Saved data entries

□ □ □ □ □ □ □

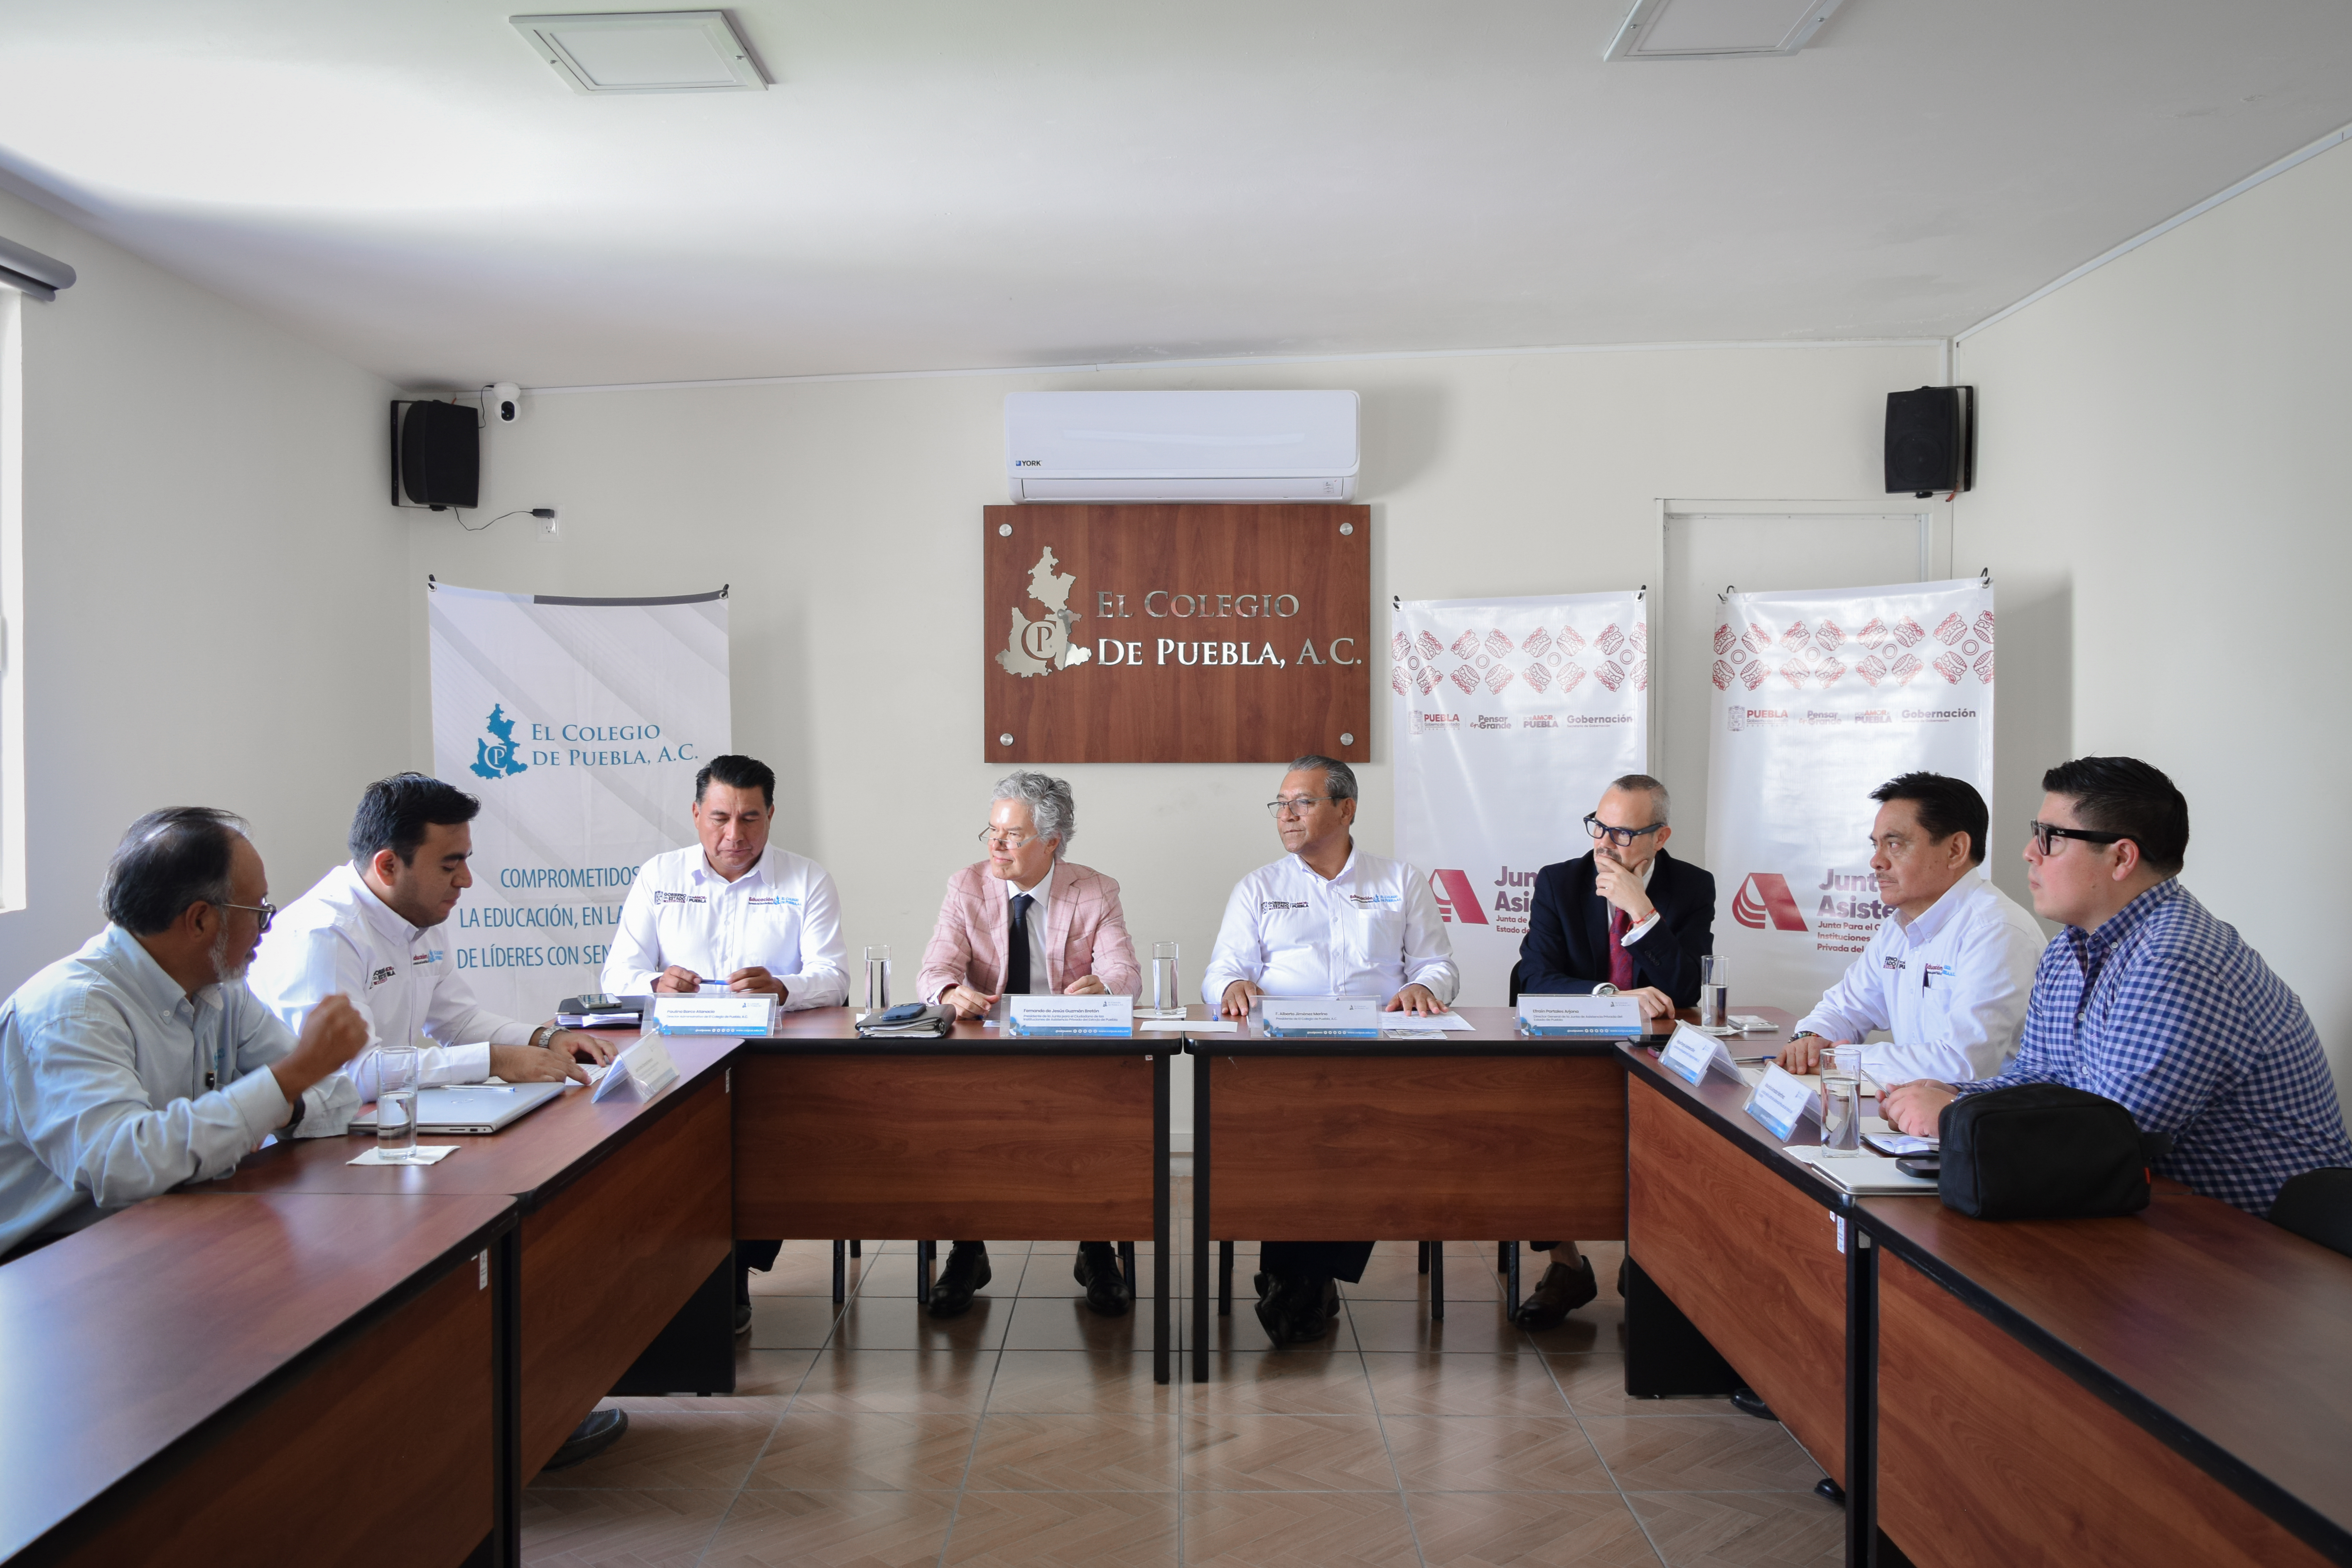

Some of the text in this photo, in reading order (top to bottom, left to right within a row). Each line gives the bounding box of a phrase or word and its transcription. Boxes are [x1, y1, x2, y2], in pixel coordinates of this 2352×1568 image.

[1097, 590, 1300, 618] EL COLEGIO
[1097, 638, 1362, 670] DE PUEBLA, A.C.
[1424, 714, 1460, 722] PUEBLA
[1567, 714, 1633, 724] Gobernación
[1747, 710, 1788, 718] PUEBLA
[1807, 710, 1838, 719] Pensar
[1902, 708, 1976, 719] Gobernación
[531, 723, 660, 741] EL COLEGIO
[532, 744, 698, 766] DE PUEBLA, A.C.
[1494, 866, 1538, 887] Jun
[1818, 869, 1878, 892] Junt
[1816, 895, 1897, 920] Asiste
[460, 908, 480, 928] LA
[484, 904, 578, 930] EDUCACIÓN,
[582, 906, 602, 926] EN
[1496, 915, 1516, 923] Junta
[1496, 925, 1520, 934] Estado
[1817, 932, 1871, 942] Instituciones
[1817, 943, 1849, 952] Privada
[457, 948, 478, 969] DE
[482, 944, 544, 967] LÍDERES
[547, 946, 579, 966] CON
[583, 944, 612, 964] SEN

□ □ □ □ □ □ □

Print the records above verbatim, pictures excluded.

Some of the text in this photo, in reading order (top to bottom, left to right within a row). Each line gives the bounding box of a phrase or word and its transcription. Boxes are [x1, y1, x2, y2], in pixel coordinates of this 2352×1568 image.

[1097, 590, 1300, 618] EL COLEGIO
[1097, 638, 1362, 670] DE PUEBLA, A.C.
[1424, 714, 1460, 722] PUEBLA
[1567, 714, 1633, 724] Gobernación
[1747, 710, 1788, 718] PUEBLA
[1807, 710, 1838, 719] Pensar
[1902, 708, 1976, 719] Gobernación
[531, 723, 660, 741] EL COLEGIO
[532, 744, 698, 766] DE PUEBLA, A.C.
[1494, 866, 1538, 887] Jun
[1818, 869, 1878, 892] Junt
[1816, 895, 1897, 920] Asiste
[460, 908, 480, 928] LA
[484, 904, 578, 930] EDUCACIÓN,
[582, 906, 602, 926] EN
[1496, 915, 1516, 923] Junta
[1496, 925, 1520, 934] Estado
[1817, 932, 1871, 942] Instituciones
[1817, 943, 1849, 952] Privada
[457, 948, 478, 969] DE
[482, 944, 544, 967] LÍDERES
[547, 946, 579, 966] CON
[583, 944, 612, 964] SEN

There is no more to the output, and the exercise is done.